Problem details:
Leave the images out and repeat the data exactly as given.
··· Input data
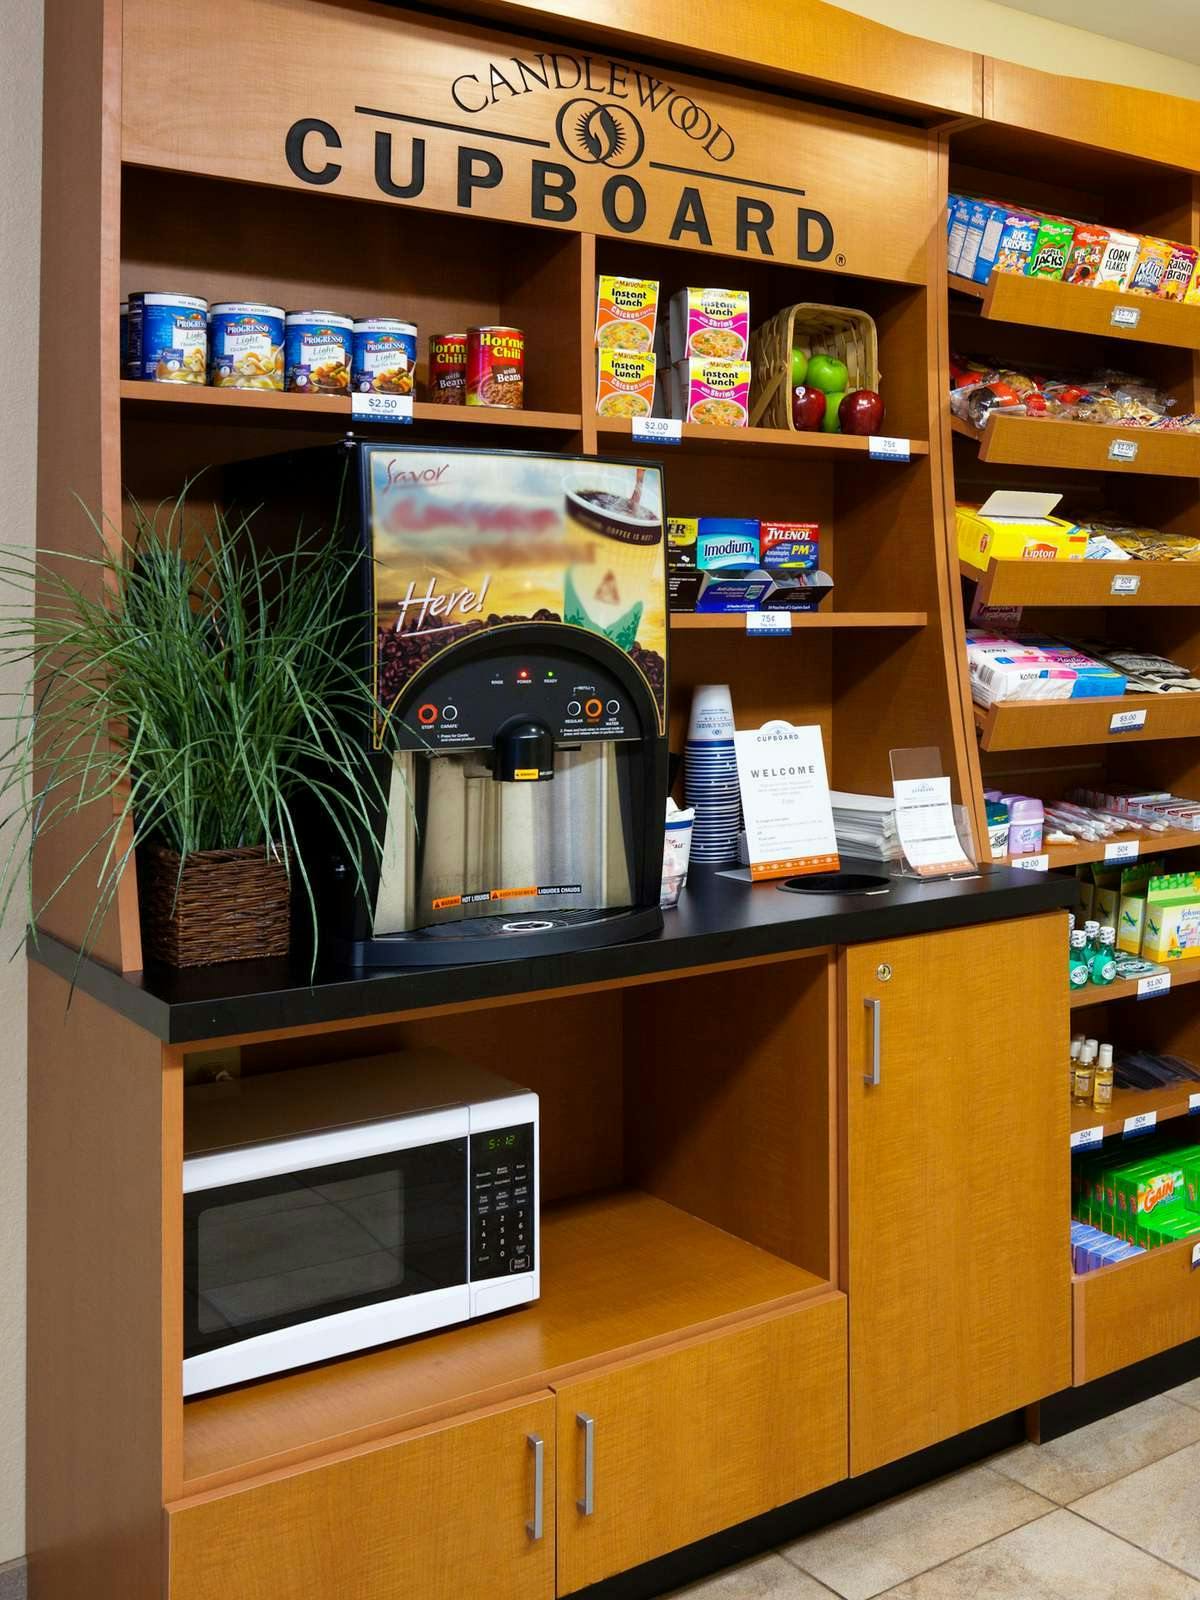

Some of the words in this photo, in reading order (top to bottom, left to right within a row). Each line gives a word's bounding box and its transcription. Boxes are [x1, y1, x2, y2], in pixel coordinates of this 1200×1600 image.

[451, 53, 735, 162] CANDLEWOOD
[1011, 229, 1028, 240] RICE
[1001, 238, 1033, 251] KRISPIES
[1108, 248, 1130, 262] CORN
[1032, 254, 1064, 273] JACKS
[1105, 261, 1127, 272] FLAKES
[1168, 258, 1193, 274] Raisin
[1166, 269, 1188, 282] Bran
[611, 288, 647, 300] Instant
[615, 297, 642, 307] Lunch
[611, 306, 640, 320] Chicken
[705, 307, 733, 317] Lunch
[708, 318, 734, 328] Shrimp
[227, 325, 269, 335] PROGRESSO
[235, 335, 259, 346] Light
[304, 336, 343, 345] PROGRESSO
[367, 343, 405, 352] PROGRESSO
[492, 346, 521, 360] Chili
[503, 367, 517, 375] with
[611, 360, 645, 371] Instant
[496, 373, 521, 383] Beans
[615, 369, 641, 379] Lunch
[703, 369, 739, 379] Instant
[706, 377, 735, 387] Lunch
[709, 389, 735, 399] Shrimp
[368, 398, 397, 409] $2.50
[645, 421, 669, 431] $2.00
[383, 459, 450, 494] Savor
[767, 527, 812, 541] TYLENOL
[704, 541, 751, 557] Imodium
[791, 545, 809, 556] PM
[1024, 547, 1056, 560] Lipton
[396, 574, 492, 634] Here!
[761, 615, 775, 623] 75¢
[757, 733, 799, 743] CUPBOARD
[750, 765, 816, 779] WELCOME
[1021, 859, 1040, 868] $2.00
[538, 887, 560, 895] LIQUIDES
[561, 886, 581, 894] CHAUDS
[488, 1135, 515, 1150] 5:12
······
Task solution:
Some of the words in this photo, in reading order (top to bottom, left to right within a row). Each line gives a word's bounding box and its transcription. Boxes are [x1, y1, x2, y2], in pixel coordinates of this 1200×1600 image.

[451, 53, 735, 162] CANDLEWOOD
[1011, 229, 1028, 240] RICE
[1001, 238, 1033, 251] KRISPIES
[1108, 248, 1130, 262] CORN
[1032, 254, 1064, 273] JACKS
[1105, 261, 1127, 272] FLAKES
[1168, 258, 1193, 274] Raisin
[1166, 269, 1188, 282] Bran
[611, 288, 647, 300] Instant
[615, 297, 642, 307] Lunch
[611, 306, 640, 320] Chicken
[705, 307, 733, 317] Lunch
[708, 318, 734, 328] Shrimp
[227, 325, 269, 335] PROGRESSO
[235, 335, 259, 346] Light
[304, 336, 343, 345] PROGRESSO
[367, 343, 405, 352] PROGRESSO
[492, 346, 521, 360] Chili
[503, 367, 517, 375] with
[611, 360, 645, 371] Instant
[496, 373, 521, 383] Beans
[615, 369, 641, 379] Lunch
[703, 369, 739, 379] Instant
[706, 377, 735, 387] Lunch
[709, 389, 735, 399] Shrimp
[368, 398, 397, 409] $2.50
[645, 421, 669, 431] $2.00
[383, 459, 450, 494] Savor
[767, 527, 812, 541] TYLENOL
[704, 541, 751, 557] Imodium
[791, 545, 809, 556] PM
[1024, 547, 1056, 560] Lipton
[396, 574, 492, 634] Here!
[761, 615, 775, 623] 75¢
[757, 733, 799, 743] CUPBOARD
[750, 765, 816, 779] WELCOME
[1021, 859, 1040, 868] $2.00
[538, 887, 560, 895] LIQUIDES
[561, 886, 581, 894] CHAUDS
[488, 1135, 515, 1150] 5:12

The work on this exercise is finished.